=== Data for processing ===

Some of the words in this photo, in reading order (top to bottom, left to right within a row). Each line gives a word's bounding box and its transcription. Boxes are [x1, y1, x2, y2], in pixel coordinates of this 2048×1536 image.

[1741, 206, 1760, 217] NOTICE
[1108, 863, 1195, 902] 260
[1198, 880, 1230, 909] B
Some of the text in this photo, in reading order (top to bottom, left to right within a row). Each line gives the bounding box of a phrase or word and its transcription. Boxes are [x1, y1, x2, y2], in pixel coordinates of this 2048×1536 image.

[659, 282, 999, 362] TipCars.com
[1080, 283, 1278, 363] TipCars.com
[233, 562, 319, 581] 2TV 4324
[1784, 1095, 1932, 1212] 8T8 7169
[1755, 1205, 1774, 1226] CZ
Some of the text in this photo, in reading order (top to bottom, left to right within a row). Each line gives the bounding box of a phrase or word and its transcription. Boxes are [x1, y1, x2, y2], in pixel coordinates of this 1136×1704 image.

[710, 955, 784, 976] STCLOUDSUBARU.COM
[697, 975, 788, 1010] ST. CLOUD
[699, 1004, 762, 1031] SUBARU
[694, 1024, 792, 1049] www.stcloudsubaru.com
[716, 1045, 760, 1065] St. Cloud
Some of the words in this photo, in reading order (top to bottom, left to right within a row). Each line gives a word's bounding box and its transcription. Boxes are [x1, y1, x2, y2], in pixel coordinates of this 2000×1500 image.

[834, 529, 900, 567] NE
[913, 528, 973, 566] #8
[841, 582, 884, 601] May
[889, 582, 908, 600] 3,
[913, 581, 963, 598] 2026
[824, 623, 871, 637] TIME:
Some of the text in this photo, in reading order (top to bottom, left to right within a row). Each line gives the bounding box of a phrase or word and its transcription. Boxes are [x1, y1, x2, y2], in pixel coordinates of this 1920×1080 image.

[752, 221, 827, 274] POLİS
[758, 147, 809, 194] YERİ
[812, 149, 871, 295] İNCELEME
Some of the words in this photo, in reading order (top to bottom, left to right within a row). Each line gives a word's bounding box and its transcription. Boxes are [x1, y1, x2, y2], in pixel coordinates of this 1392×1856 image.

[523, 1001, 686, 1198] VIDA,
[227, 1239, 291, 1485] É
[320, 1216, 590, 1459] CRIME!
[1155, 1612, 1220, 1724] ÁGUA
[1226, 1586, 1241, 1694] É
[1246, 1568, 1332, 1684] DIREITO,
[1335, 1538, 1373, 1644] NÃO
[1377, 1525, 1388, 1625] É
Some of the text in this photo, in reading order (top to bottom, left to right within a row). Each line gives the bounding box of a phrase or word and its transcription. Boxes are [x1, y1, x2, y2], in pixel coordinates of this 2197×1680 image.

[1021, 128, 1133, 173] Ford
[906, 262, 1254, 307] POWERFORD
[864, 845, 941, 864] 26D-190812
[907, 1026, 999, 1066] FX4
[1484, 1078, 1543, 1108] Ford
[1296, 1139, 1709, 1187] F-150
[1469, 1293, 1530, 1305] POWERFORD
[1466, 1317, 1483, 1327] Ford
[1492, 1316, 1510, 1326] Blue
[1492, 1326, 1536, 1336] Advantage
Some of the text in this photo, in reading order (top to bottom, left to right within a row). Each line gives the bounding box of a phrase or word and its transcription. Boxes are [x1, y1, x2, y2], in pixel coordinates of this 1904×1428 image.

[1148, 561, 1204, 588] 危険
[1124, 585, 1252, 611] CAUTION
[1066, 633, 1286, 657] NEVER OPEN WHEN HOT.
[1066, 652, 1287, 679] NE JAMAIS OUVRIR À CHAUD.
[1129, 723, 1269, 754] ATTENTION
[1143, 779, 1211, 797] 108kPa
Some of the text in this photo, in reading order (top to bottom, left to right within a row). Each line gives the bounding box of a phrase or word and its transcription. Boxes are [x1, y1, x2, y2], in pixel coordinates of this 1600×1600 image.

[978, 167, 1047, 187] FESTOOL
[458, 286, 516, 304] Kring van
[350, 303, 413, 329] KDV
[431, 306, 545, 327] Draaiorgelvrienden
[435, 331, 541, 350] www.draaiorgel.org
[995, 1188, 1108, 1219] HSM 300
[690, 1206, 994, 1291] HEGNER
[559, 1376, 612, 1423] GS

===

▸ **Problem description**
Each record above needs to be given again exactly as written.

▸ **Written answer**
Some of the words in this photo, in reading order (top to bottom, left to right within a row). Each line gives a word's bounding box and its transcription. Boxes are [x1, y1, x2, y2], in pixel coordinates of this 2048×1536 image.

[1741, 206, 1760, 217] NOTICE
[1108, 863, 1195, 902] 260
[1198, 880, 1230, 909] B
Some of the text in this photo, in reading order (top to bottom, left to right within a row). Each line gives the bounding box of a phrase or word and its transcription. Boxes are [x1, y1, x2, y2], in pixel coordinates of this 2048×1536 image.

[659, 282, 999, 362] TipCars.com
[1080, 283, 1278, 363] TipCars.com
[233, 562, 319, 581] 2TV 4324
[1784, 1095, 1932, 1212] 8T8 7169
[1755, 1205, 1774, 1226] CZ
Some of the text in this photo, in reading order (top to bottom, left to right within a row). Each line gives the bounding box of a phrase or word and its transcription. Boxes are [x1, y1, x2, y2], in pixel coordinates of this 1136×1704 image.

[710, 955, 784, 976] STCLOUDSUBARU.COM
[697, 975, 788, 1010] ST. CLOUD
[699, 1004, 762, 1031] SUBARU
[694, 1024, 792, 1049] www.stcloudsubaru.com
[716, 1045, 760, 1065] St. Cloud
Some of the words in this photo, in reading order (top to bottom, left to right within a row). Each line gives a word's bounding box and its transcription. Boxes are [x1, y1, x2, y2], in pixel coordinates of this 2000×1500 image.

[834, 529, 900, 567] NE
[913, 528, 973, 566] #8
[841, 582, 884, 601] May
[889, 582, 908, 600] 3,
[913, 581, 963, 598] 2026
[824, 623, 871, 637] TIME:
Some of the text in this photo, in reading order (top to bottom, left to right within a row). Each line gives the bounding box of a phrase or word and its transcription. Boxes are [x1, y1, x2, y2], in pixel coordinates of this 1920×1080 image.

[752, 221, 827, 274] POLİS
[758, 147, 809, 194] YERİ
[812, 149, 871, 295] İNCELEME
Some of the words in this photo, in reading order (top to bottom, left to right within a row). Each line gives a word's bounding box and its transcription. Boxes are [x1, y1, x2, y2], in pixel coordinates of this 1392×1856 image.

[523, 1001, 686, 1198] VIDA,
[227, 1239, 291, 1485] É
[320, 1216, 590, 1459] CRIME!
[1155, 1612, 1220, 1724] ÁGUA
[1226, 1586, 1241, 1694] É
[1246, 1568, 1332, 1684] DIREITO,
[1335, 1538, 1373, 1644] NÃO
[1377, 1525, 1388, 1625] É
Some of the text in this photo, in reading order (top to bottom, left to right within a row). Each line gives the bounding box of a phrase or word and its transcription. Boxes are [x1, y1, x2, y2], in pixel coordinates of this 2197×1680 image.

[1021, 128, 1133, 173] Ford
[906, 262, 1254, 307] POWERFORD
[864, 845, 941, 864] 26D-190812
[907, 1026, 999, 1066] FX4
[1484, 1078, 1543, 1108] Ford
[1296, 1139, 1709, 1187] F-150
[1469, 1293, 1530, 1305] POWERFORD
[1466, 1317, 1483, 1327] Ford
[1492, 1316, 1510, 1326] Blue
[1492, 1326, 1536, 1336] Advantage
Some of the text in this photo, in reading order (top to bottom, left to right within a row). Each line gives the bounding box of a phrase or word and its transcription. Boxes are [x1, y1, x2, y2], in pixel coordinates of this 1904×1428 image.

[1148, 561, 1204, 588] 危険
[1124, 585, 1252, 611] CAUTION
[1066, 633, 1286, 657] NEVER OPEN WHEN HOT.
[1066, 652, 1287, 679] NE JAMAIS OUVRIR À CHAUD.
[1129, 723, 1269, 754] ATTENTION
[1143, 779, 1211, 797] 108kPa
Some of the text in this photo, in reading order (top to bottom, left to right within a row). Each line gives the bounding box of a phrase or word and its transcription. Boxes are [x1, y1, x2, y2], in pixel coordinates of this 1600×1600 image.

[978, 167, 1047, 187] FESTOOL
[458, 286, 516, 304] Kring van
[350, 303, 413, 329] KDV
[431, 306, 545, 327] Draaiorgelvrienden
[435, 331, 541, 350] www.draaiorgel.org
[995, 1188, 1108, 1219] HSM 300
[690, 1206, 994, 1291] HEGNER
[559, 1376, 612, 1423] GS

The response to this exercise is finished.